Konagai et al. (l998b) formed a simulation of soil-structure interaction effects in shaking table test. In this study, a soil-structure. system is divided into two substructures, the superstructure and the unbounded soil extending to infinity. A shaking table represents exactly the latter substructure of soil. The multi-step method is used to describe two primary causes of soil-structure interaction - the
inability of the foundation to match the free-field deformation, and the effect of the dynamic response of the superstructure on the movement of its supporting soil- foundation system. The expression for the soil stiffness obtained is eventually a complex function of circular frequency. Its real part is a downward open parabola to the right, whereas its imaginary part increases linearly with increasing frequency.
Though it is based on oversimplified conditions, but gives an idea that the stiffness for any of lateral, vertical or rotational response mode will be approximately described by a limited number of simple frequency-independent parameters.
The ring-pile analysis for a grouped pile foundation subjected to base motion by Takemiya (1986) aims at developing an effective and efficient formulation for the dynamic analysis of grouped-pile foundations. Grouped piles are analyzed based on the "ring-pile" concept which assumes that piles are in a concentric arrangement. The paper represents a FEM application. The investigation is addressed to the pile head impedance functions and the associated input forces due to pile-soil-pile interaction for the base motion, and the inertial interaction between foundation and structure, by taking a bridge pier on a grouped pile foundation as an example.
A simplified expression is derived for the dynamic stiffness of grouped piles in sway motion by Konagai et al. (2000). A computer program, based on the thin layer element method is used for this purpose. The idealization of grouped piles as a single equivalent uproright beam and the concept of the active pile length have facilitated the derivation of pile-cap stiffness in terms of frequency-independent mass, damping and stiffness parameters.
A new method to simulate soil-structure interaction effects in shaking table tests has recently been presented by Konagai and Ahsan (2002). In this method, analog circuits or digital signal processors are used to produce soil-foundation interaction motions in real time. Their expressions of soil-structure interaction motions are based on published rigorous formulations of impulse response functions or flexibility functions of foundations resting on or embedded in homogeneous or layered soils of semi- infinite extent. The method is further extended to take the "far field" soil non-linearity into account. An example of non-linear soil-structure interaction simulation using the present method is also described.

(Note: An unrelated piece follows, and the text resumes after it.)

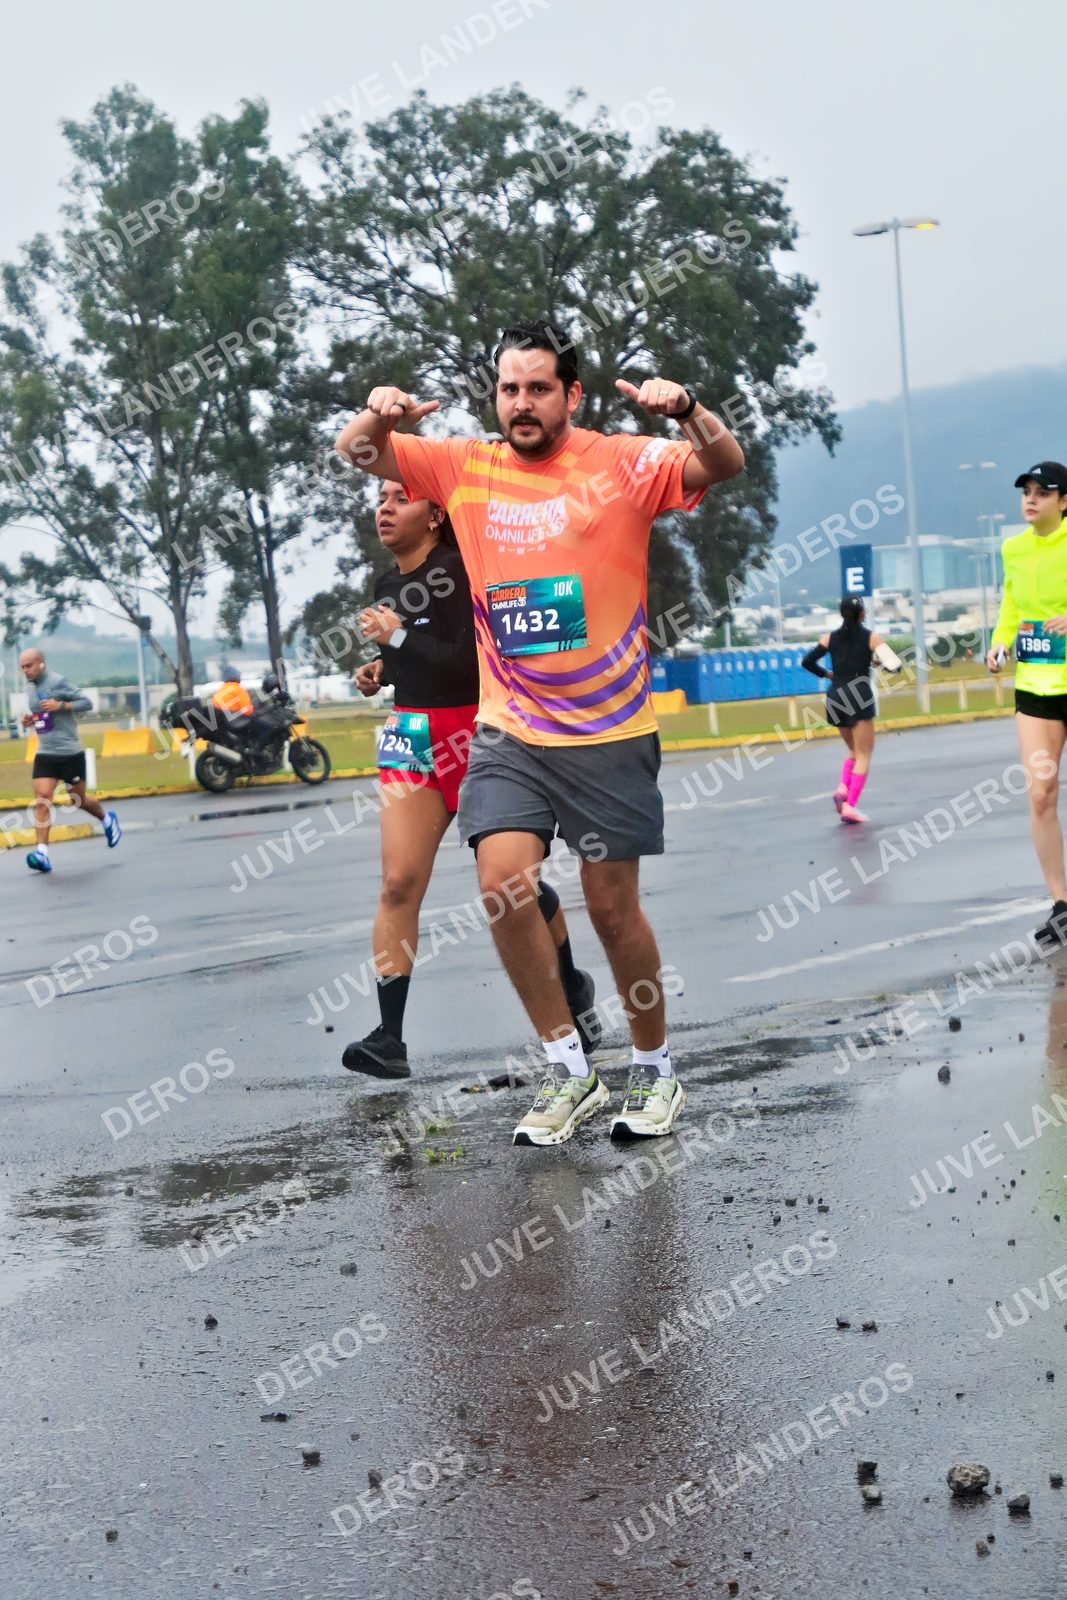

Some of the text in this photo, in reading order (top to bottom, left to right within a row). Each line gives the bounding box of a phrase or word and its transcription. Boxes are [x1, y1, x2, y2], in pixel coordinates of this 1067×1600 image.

Single beam analogy for describing soil-pile group interaction has been offered by Konagai et al. (2000). Most laterally loaded piles are flexible in the sense that they are not deformed over their entire lengths. Instead, pile deflections become negligible below an 'active pile length' La. Here piles closely grouped together beneath a superstructure are viewed as a single equivalent upright beam whose stiffness matrix determines La. This idea is verified for different cases of pile spacing, and is further extended for nonlinear behavior of soils surrounding grouped piles.